NEW YORK (Reuters Health) – Lycopene, the carotene-like nutritional substance found prominently in tomatoes, appears to have a beneficial effect in patients who have been treated for advanced prostate cancer, Indian researchers report.
Drs. M. S. Ansari and N. P. Gupta of the All India Institute of Medical Science, New Delhi, note in the British Journal of Urology International that “there have been few trials in humans investigating the potential effects of lycopene supplementation for preventing and treating prostate cancer.”

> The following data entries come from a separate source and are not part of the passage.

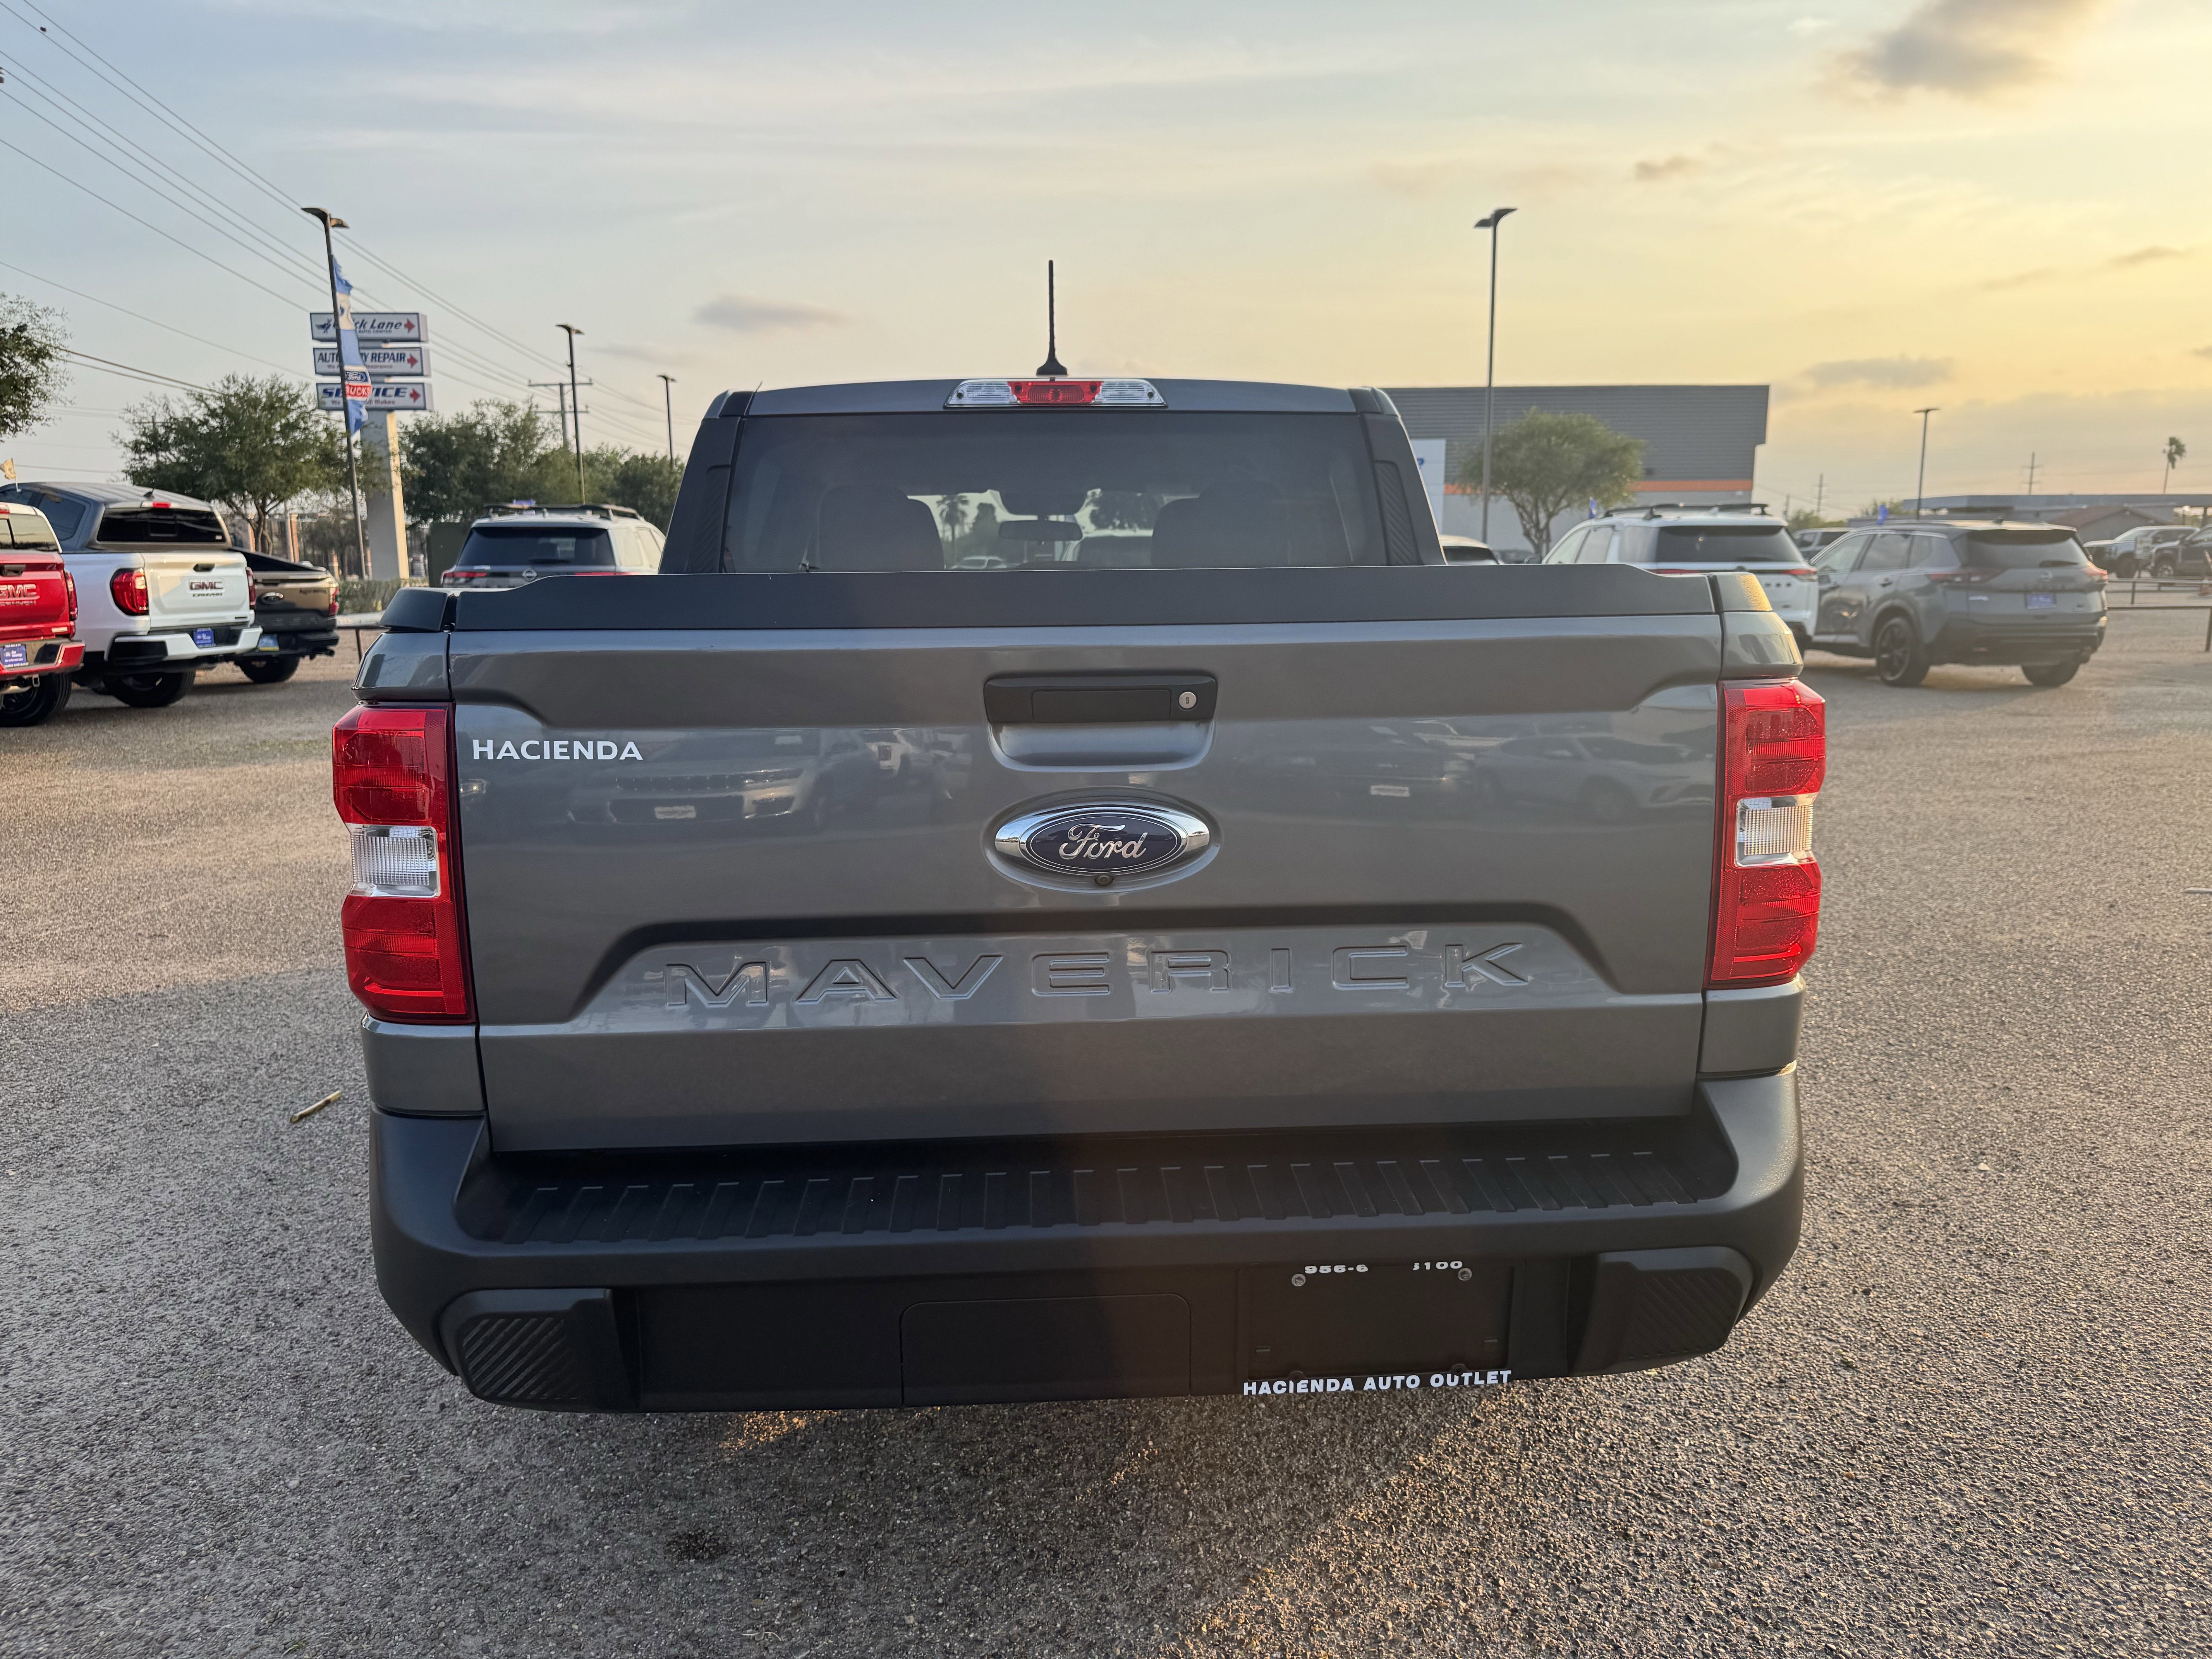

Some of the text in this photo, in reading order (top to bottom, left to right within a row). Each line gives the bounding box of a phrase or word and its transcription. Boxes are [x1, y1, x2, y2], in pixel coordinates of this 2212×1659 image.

[370, 318, 402, 330] Lane
[371, 352, 406, 363] REPAIR
[322, 387, 407, 398] SEICE
[190, 581, 223, 590] GMC
[473, 739, 643, 760] HACIENDA
[1059, 823, 1149, 860] Ford
[665, 943, 1529, 1006] MAVERICK
[1243, 1370, 1511, 1395] HACIENDA AUTO OUTLET

To shed further light on the matter, the researchers studied 54 patients with confirmed prostate cancer that had spread beyond the gland. Since such cancers are driven by male hormones, the patients underwent the standard procedure of castration. Immediately following surgery, half the patients were assigned to take 2 milligrams of lycopene twice daily.
Both groups of patients had a significant reduction in prostate specific antigen (PSA) levels, an indicator of cancer clearance. However, the PSA reduction was more marked in the group given lycopene.

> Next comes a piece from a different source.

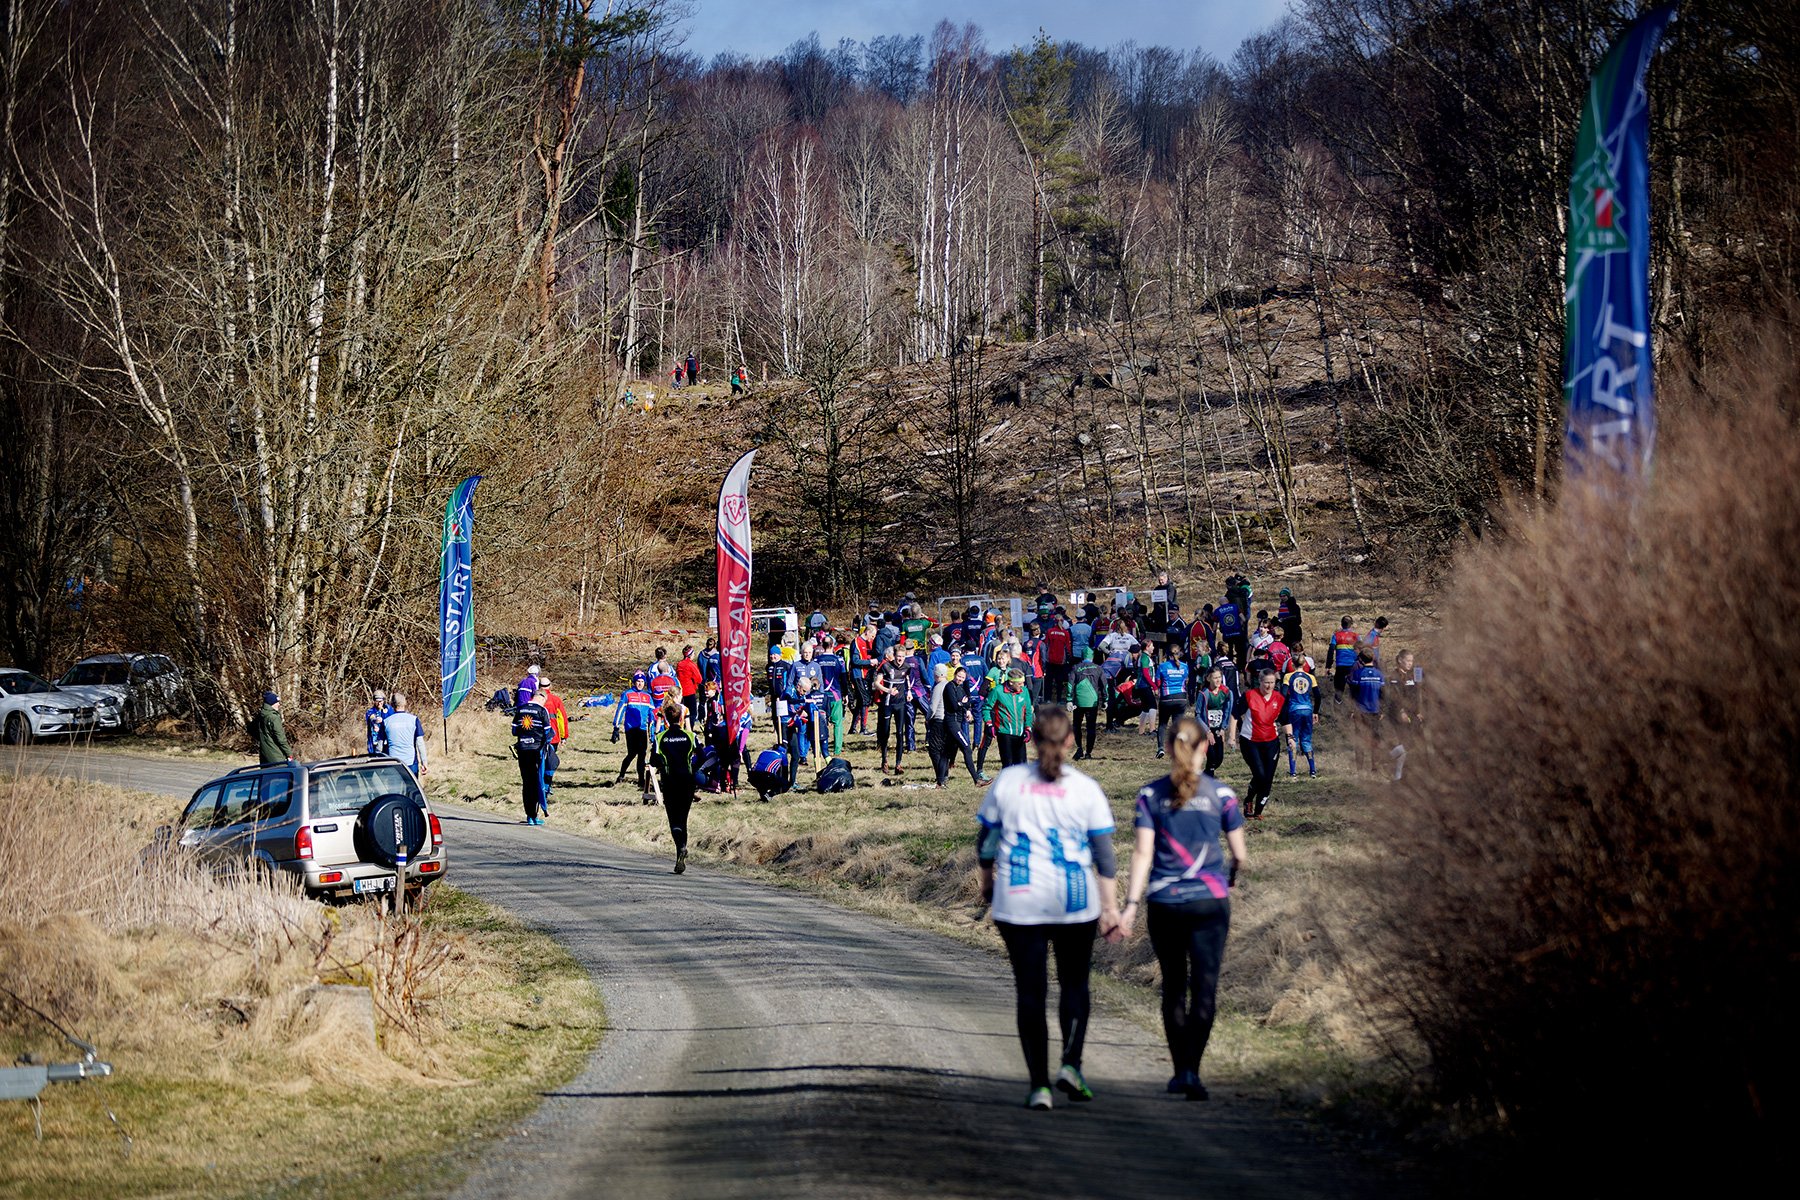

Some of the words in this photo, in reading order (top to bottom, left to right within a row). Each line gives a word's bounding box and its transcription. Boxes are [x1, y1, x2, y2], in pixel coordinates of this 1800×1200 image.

[1591, 303, 1647, 471] ART
[445, 557, 472, 635] START
[728, 580, 748, 624] AIK

Specifically, the average PSA level in the patients taking lycopene fell from 251 units before surgery to 9 at six months, and to 3 after two years. Corresponding figures in the surgery-only group were 260, 26 and 9 units.
In all, 78 percent of patients in the lycopene group had a complete response based on a PSA reading of less than 4, compared to 40 percent in the other group.
An added benefit was a significant improvement in peak urinary flow in patients given lycopene.
Furthermore, 22 percent of the lycopene group died versus 35 percent of those not given lycopene.
The researchers conclude that lycopene supplementation reduces serum PSA levels, improves survival and “not only shrinks the primary tumors, but also diminishes the secondary tumors, providing better relief from bone pain and lower urinary tract symptoms.”